**Dataset records:**
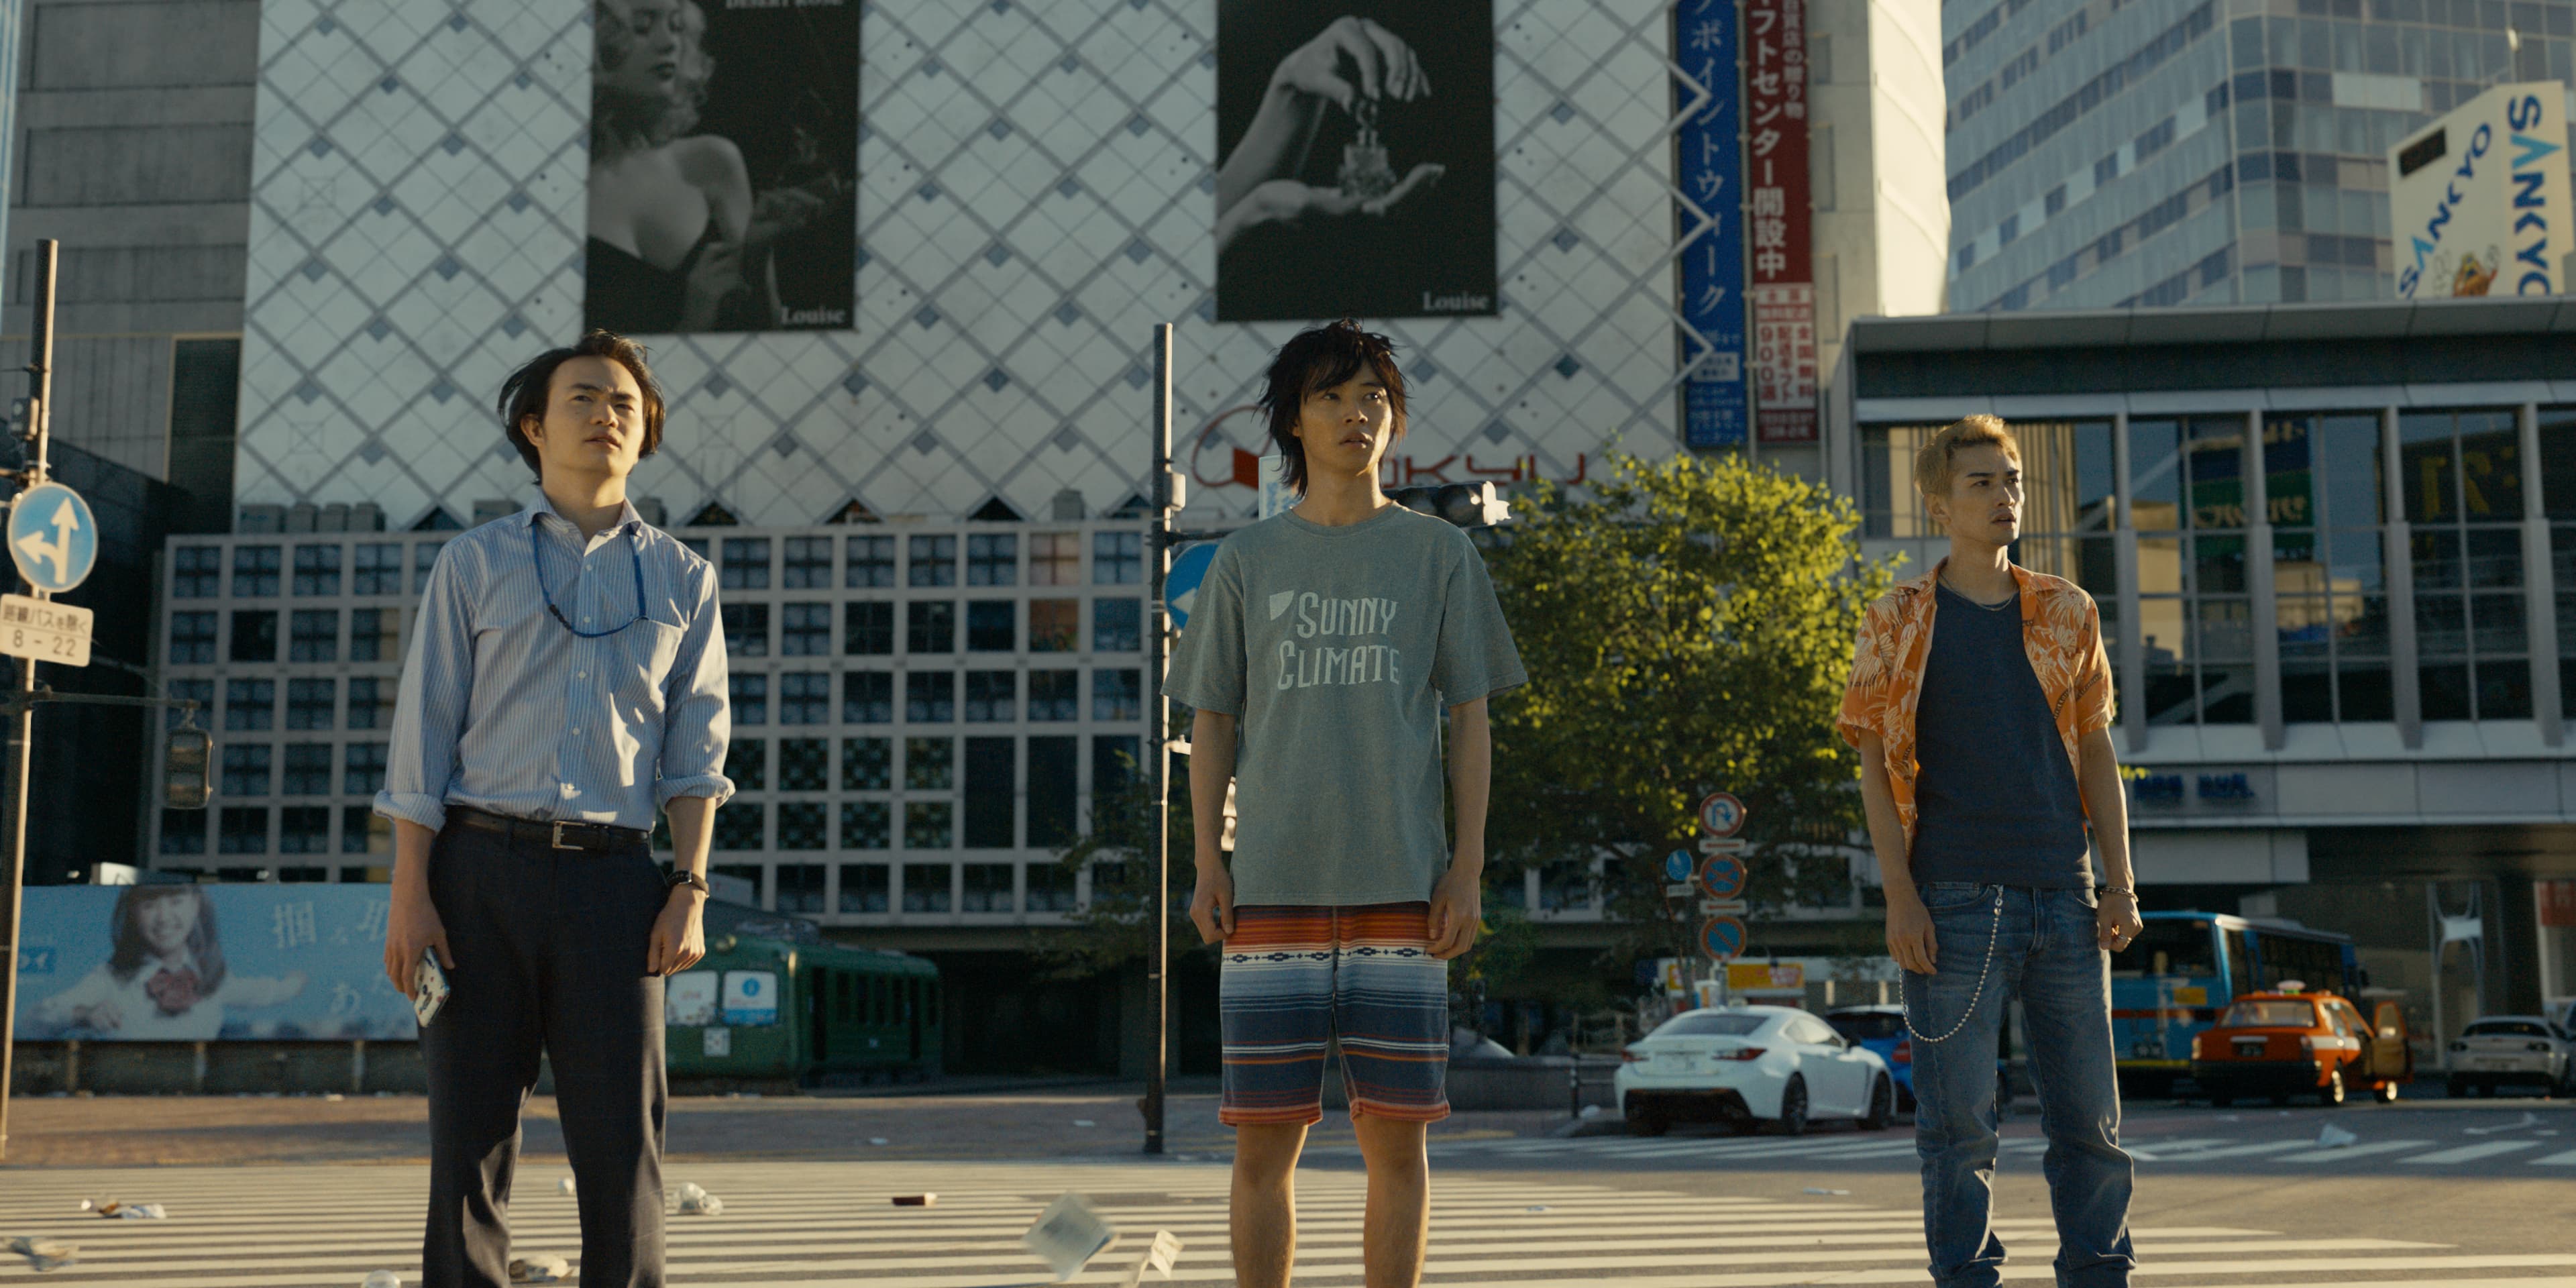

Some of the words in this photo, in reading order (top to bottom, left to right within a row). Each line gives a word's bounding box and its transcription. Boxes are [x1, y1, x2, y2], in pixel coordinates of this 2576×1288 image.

[1750, 0, 1786, 280] フトセンター開設中
[782, 306, 847, 325] Louise
[1422, 291, 1490, 311] Louise
[1295, 592, 1399, 639] SUNNY
[1277, 639, 1401, 691] CLIMATE

**Action item:**
Your answer should hold every record above, printed exactly and free of pictures.

**Exercise solution:**
Some of the words in this photo, in reading order (top to bottom, left to right within a row). Each line gives a word's bounding box and its transcription. Boxes are [x1, y1, x2, y2], in pixel coordinates of this 2576×1288 image.

[1750, 0, 1786, 280] フトセンター開設中
[782, 306, 847, 325] Louise
[1422, 291, 1490, 311] Louise
[1295, 592, 1399, 639] SUNNY
[1277, 639, 1401, 691] CLIMATE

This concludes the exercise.